To investigate this colocalization further, we assayed accumulation of Flu-tagged Nasrat and Flu-tagged Polehole in fs(1)ph^K646 and fs(1)N¹⁴ mutant ovaries, respectively. In both cases, the tagged derivatives are lost from the oocyte surface (Fig. 2E,F). We do not observe unlocalized Nasrat and Polehole proteins within the mutant oocytes (Fig. 2E,F; data not shown), suggesting a defect in stability rather than transport. These results imply that Nasrat and Polehole are mutually required for their pericellular accumulation, which explains their similar mutant phenotypes. We also examined if this requirement is specific or reflects a general disorganization of the oocyte pericellular environment in the mutant ovaries. To this end, we monitored localization of Nudel, a protein required for dorsoventral patterning that associates to the oocyte surface (Hong and Hashimoto 1995; LeMosy et al. 1998). As shown in Figure 2G, Nudel shows a normal distribution in fs(1)N¹⁴ egg chambers, arguing that interdependent accumulation of Nasrat and Polehole is selective.

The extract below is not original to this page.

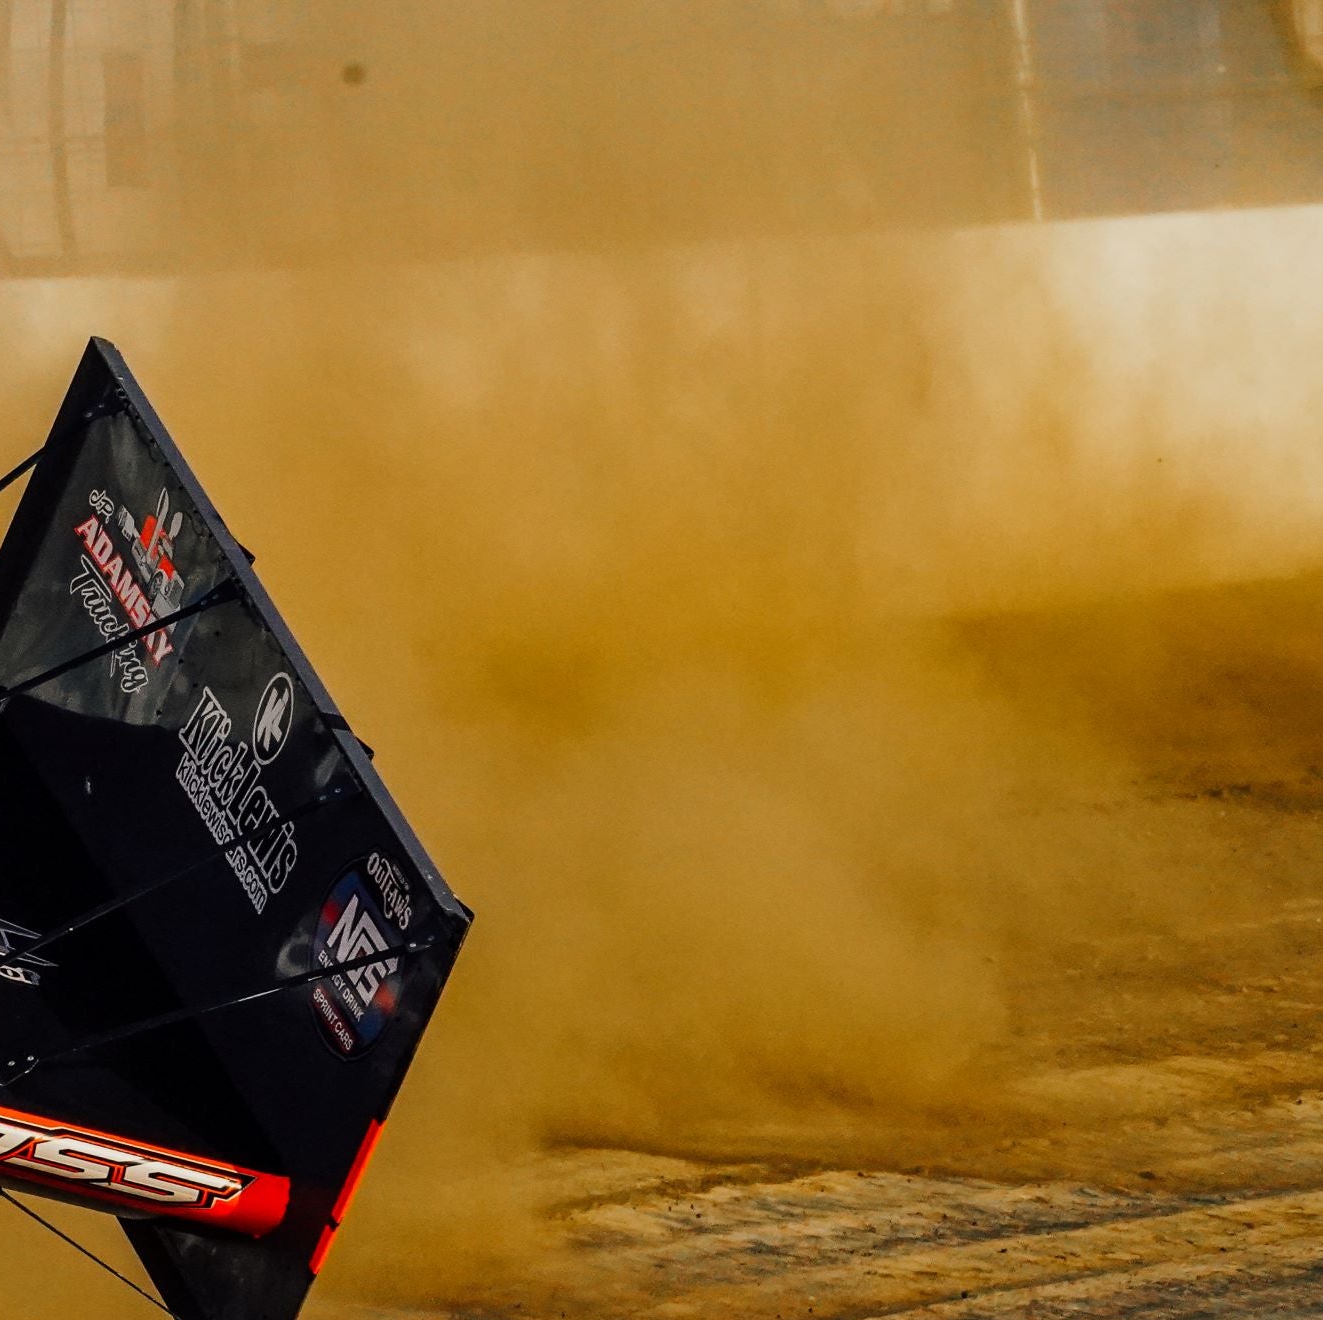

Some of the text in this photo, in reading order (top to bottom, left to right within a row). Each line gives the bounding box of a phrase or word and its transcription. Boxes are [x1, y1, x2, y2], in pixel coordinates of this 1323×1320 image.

Role of Nasrat and Polehole in eggshell assembly

The above results suggest that Nasrat and Polehole function coordinately at the oocyte surface. To explore their role in eggshell assembly, we first examined the localization of Nasrat in relation to the nascent vitelline membrane. Double staining for Nasrat and sV23, a vitelline membrane component (Pascucci et al. 1996), showed early cytoplasmic accumulation of Nasrat and sV23 in the oocyte and the follicle cells, respectively (Fig. 3A; see Materials and Methods). At stage 10, the two proteins marked complementary layers in the space between the oocyte and the follicle cells (Fig. 3B–E). These layers establish a remarkable pattern of connections that appear to reflect the interdigitating microvilli from both cell types (Fig. 3C–E). We also detect weak sV23 staining on the oocyte surface (Fig. 3D). The elaborate interrelation of Nasrat with the vitelline membrane is consistent with a role of this protein in eggshell biogenesis.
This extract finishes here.